From the first line to the last, repeat the data exactly but leave out the pictures.

* Image-backed grounding data:

^^^^^^^^

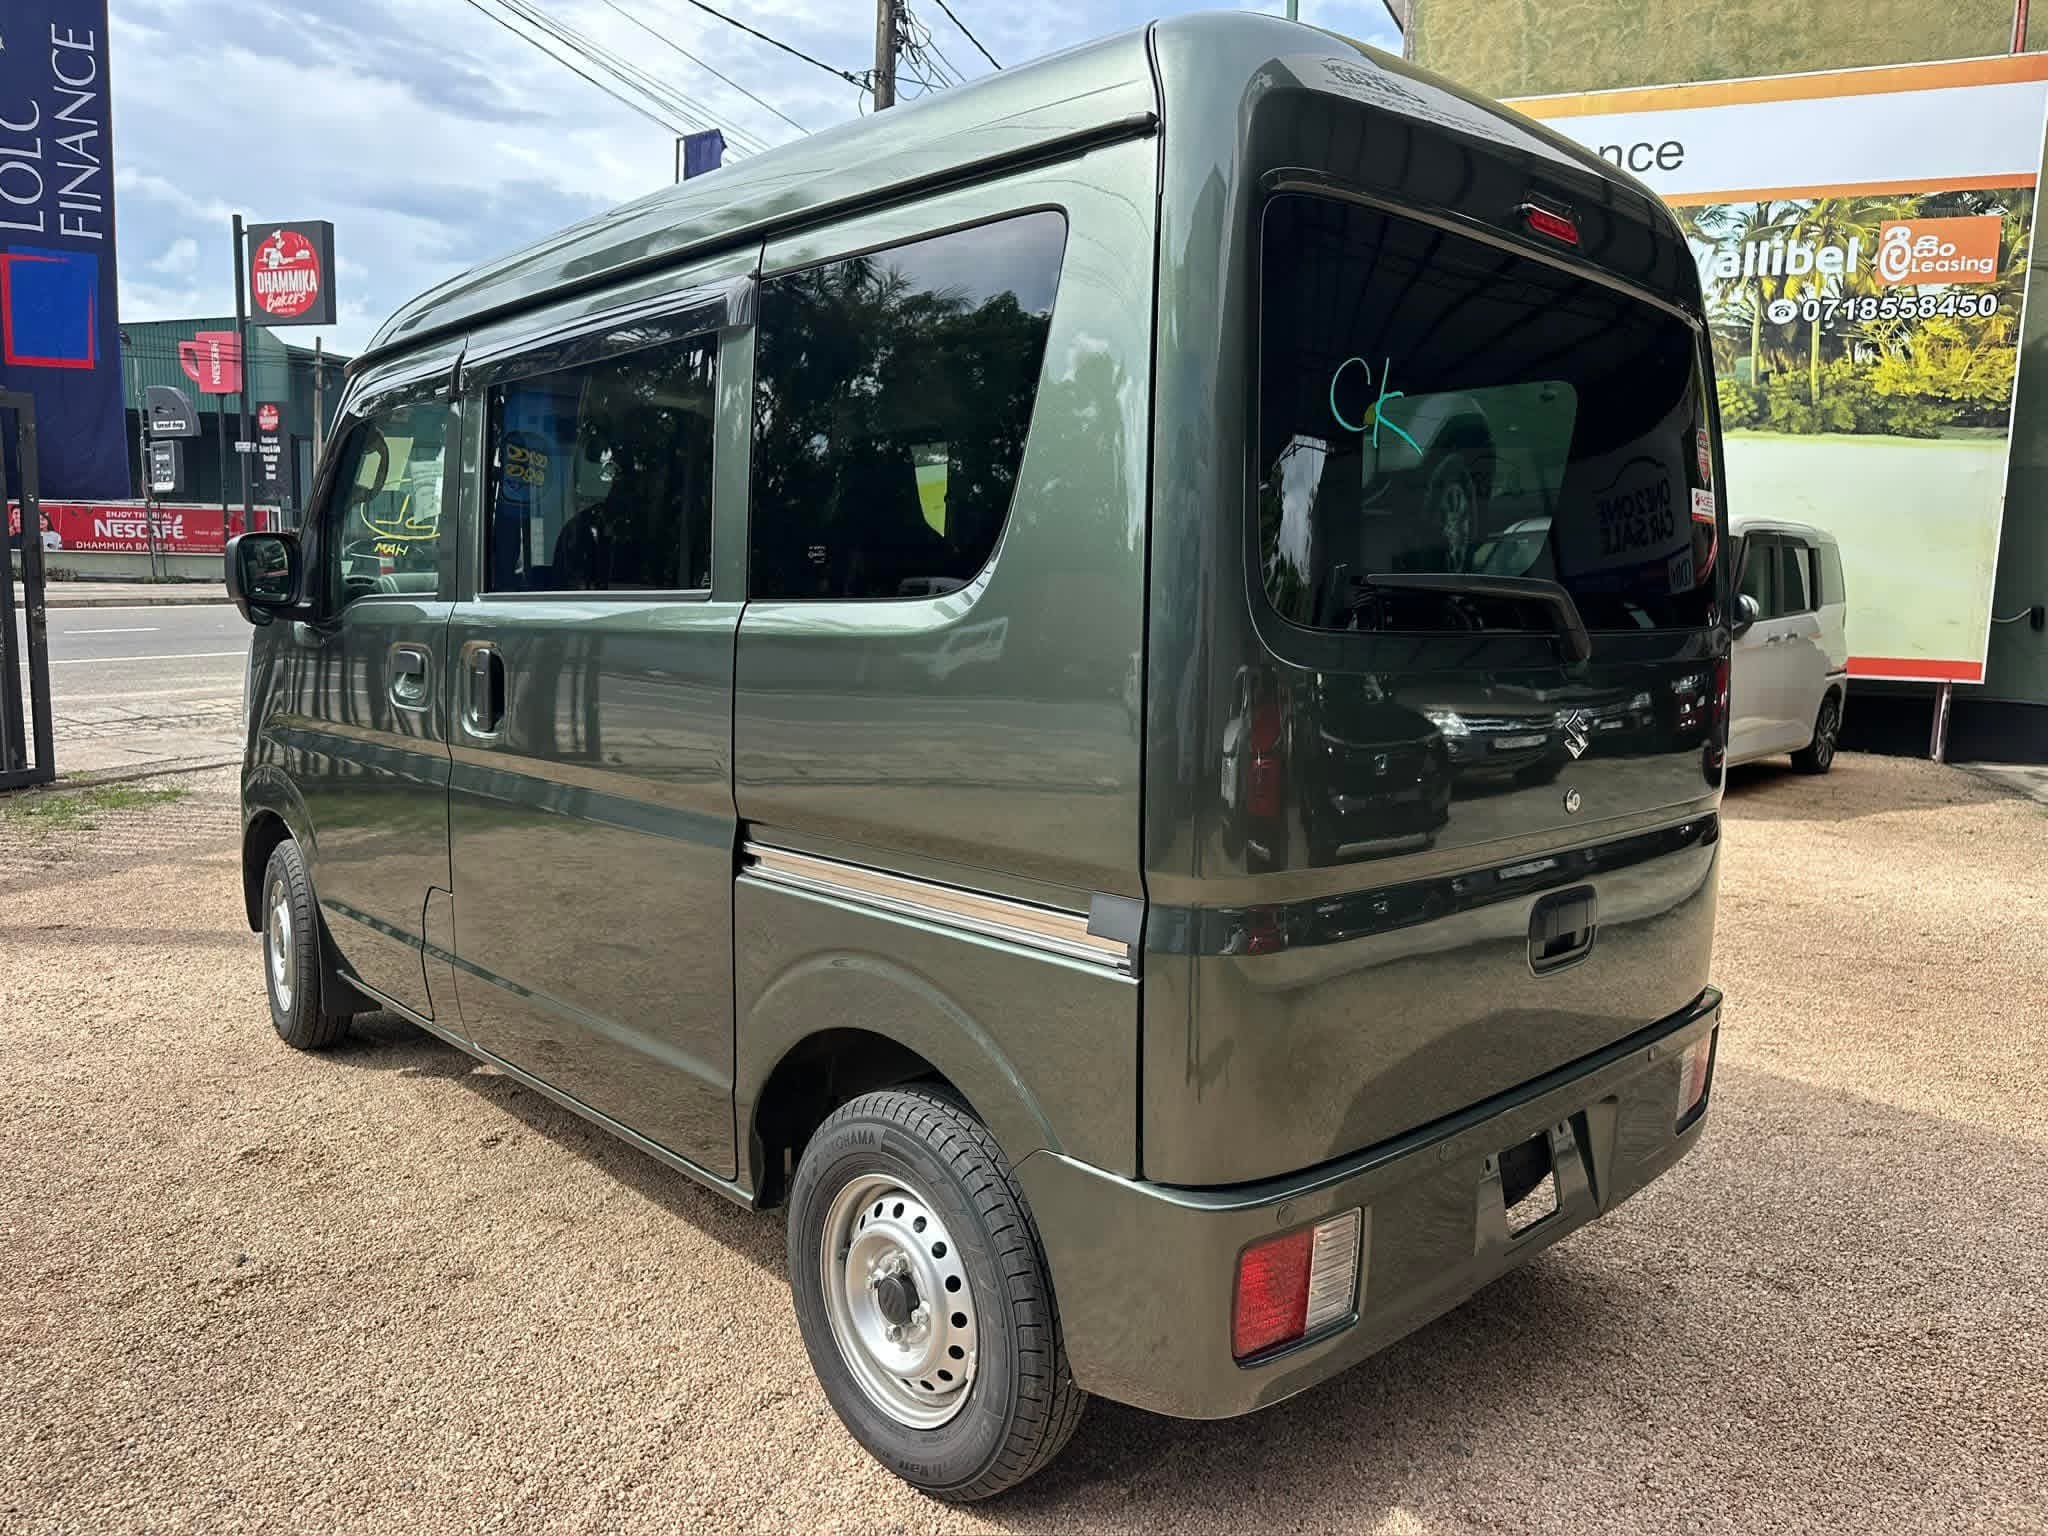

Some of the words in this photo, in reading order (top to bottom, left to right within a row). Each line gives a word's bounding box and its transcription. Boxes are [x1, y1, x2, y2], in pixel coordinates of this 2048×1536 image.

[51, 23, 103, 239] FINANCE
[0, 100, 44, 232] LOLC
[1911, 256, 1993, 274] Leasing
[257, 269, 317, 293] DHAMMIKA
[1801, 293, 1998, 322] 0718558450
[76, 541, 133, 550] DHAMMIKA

^^^^^^^^

* PROBLEM SOLUTION:
Some of the words in this photo, in reading order (top to bottom, left to right within a row). Each line gives a word's bounding box and its transcription. Boxes are [x1, y1, x2, y2], in pixel coordinates of this 2048×1536 image.

[51, 23, 103, 239] FINANCE
[0, 100, 44, 232] LOLC
[1911, 256, 1993, 274] Leasing
[257, 269, 317, 293] DHAMMIKA
[1801, 293, 1998, 322] 0718558450
[76, 541, 133, 550] DHAMMIKA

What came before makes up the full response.